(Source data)
※
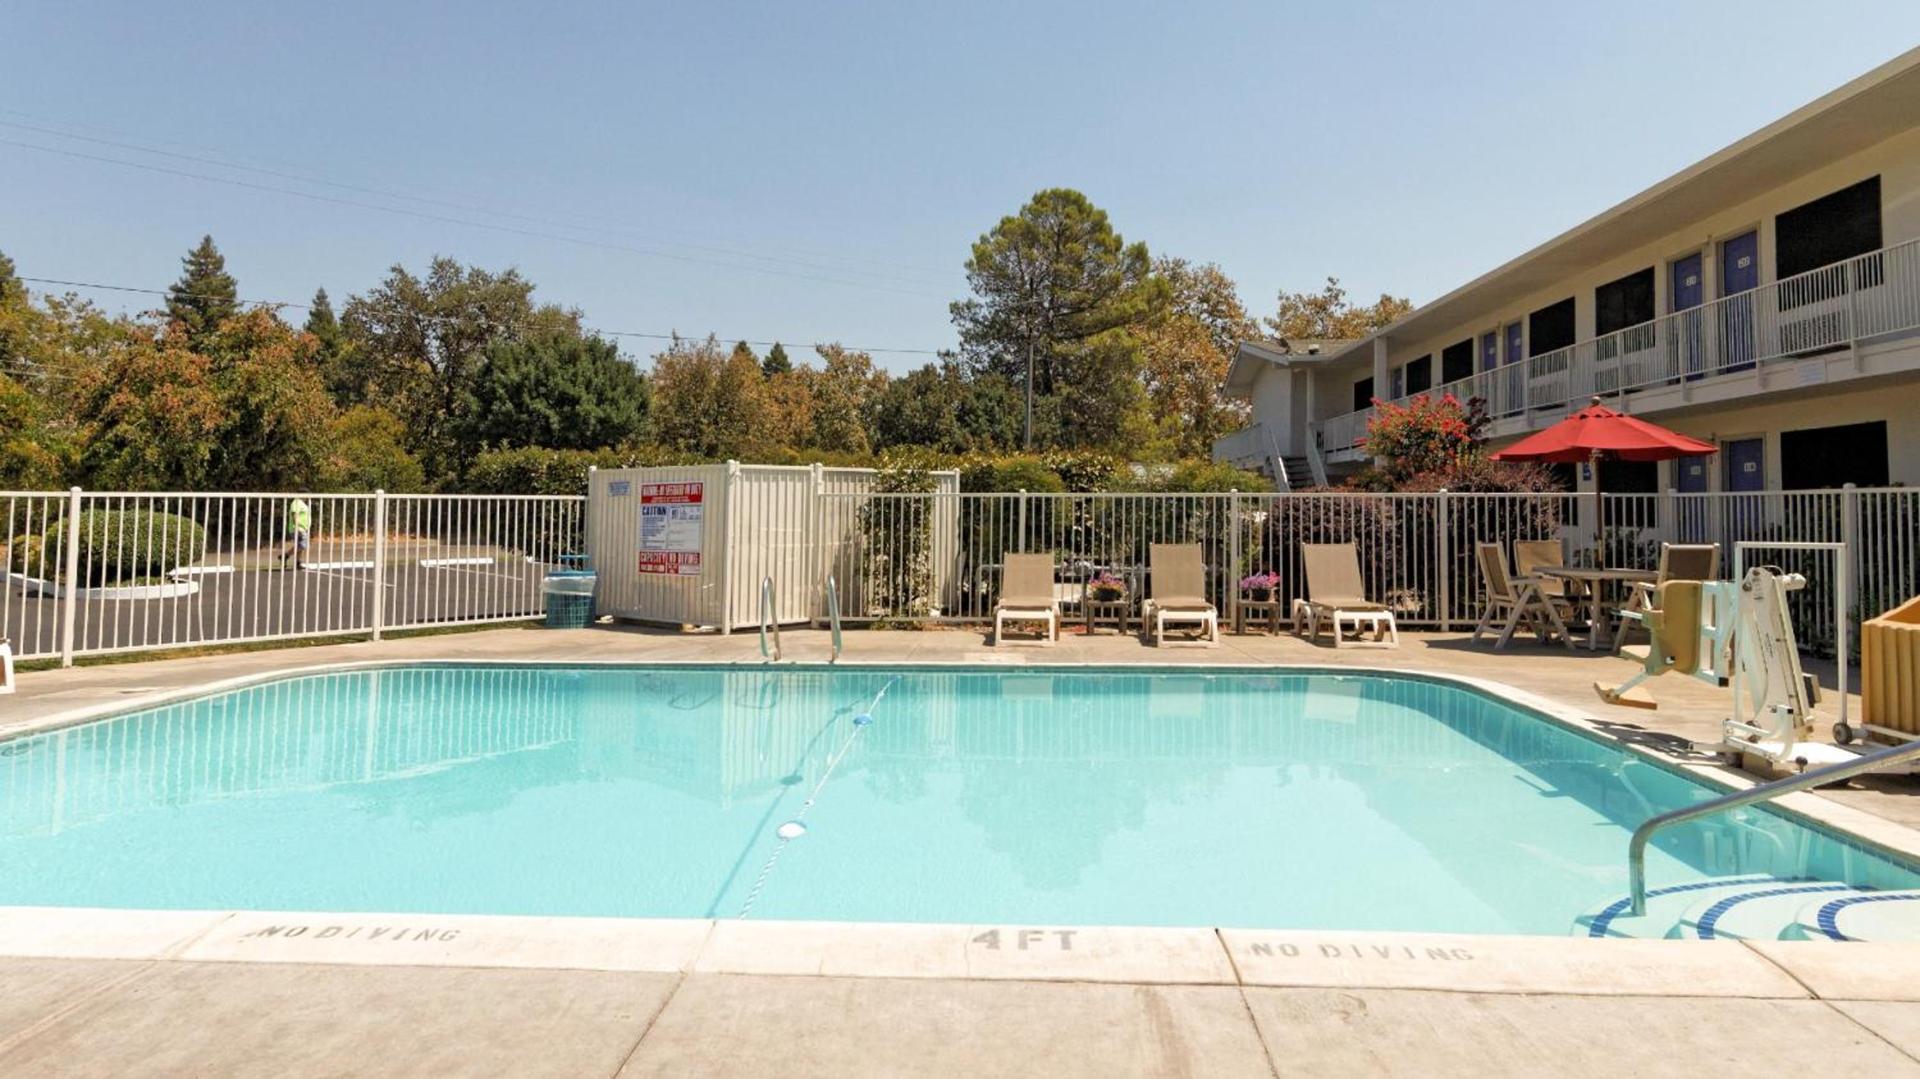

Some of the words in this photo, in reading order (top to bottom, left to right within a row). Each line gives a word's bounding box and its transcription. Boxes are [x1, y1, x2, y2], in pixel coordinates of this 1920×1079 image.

[255, 925, 310, 938] NO
[313, 926, 461, 942] DIVING
[1252, 942, 1300, 958] NO
[1320, 943, 1475, 962] DIVING
※
- [WORK REQUEST]
All of the records above should be written out exactly, with the pictures left out.

- [RESPONSE BELOW]
Some of the words in this photo, in reading order (top to bottom, left to right within a row). Each line gives a word's bounding box and its transcription. Boxes are [x1, y1, x2, y2], in pixel coordinates of this 1920×1079 image.

[255, 925, 310, 938] NO
[313, 926, 461, 942] DIVING
[1252, 942, 1300, 958] NO
[1320, 943, 1475, 962] DIVING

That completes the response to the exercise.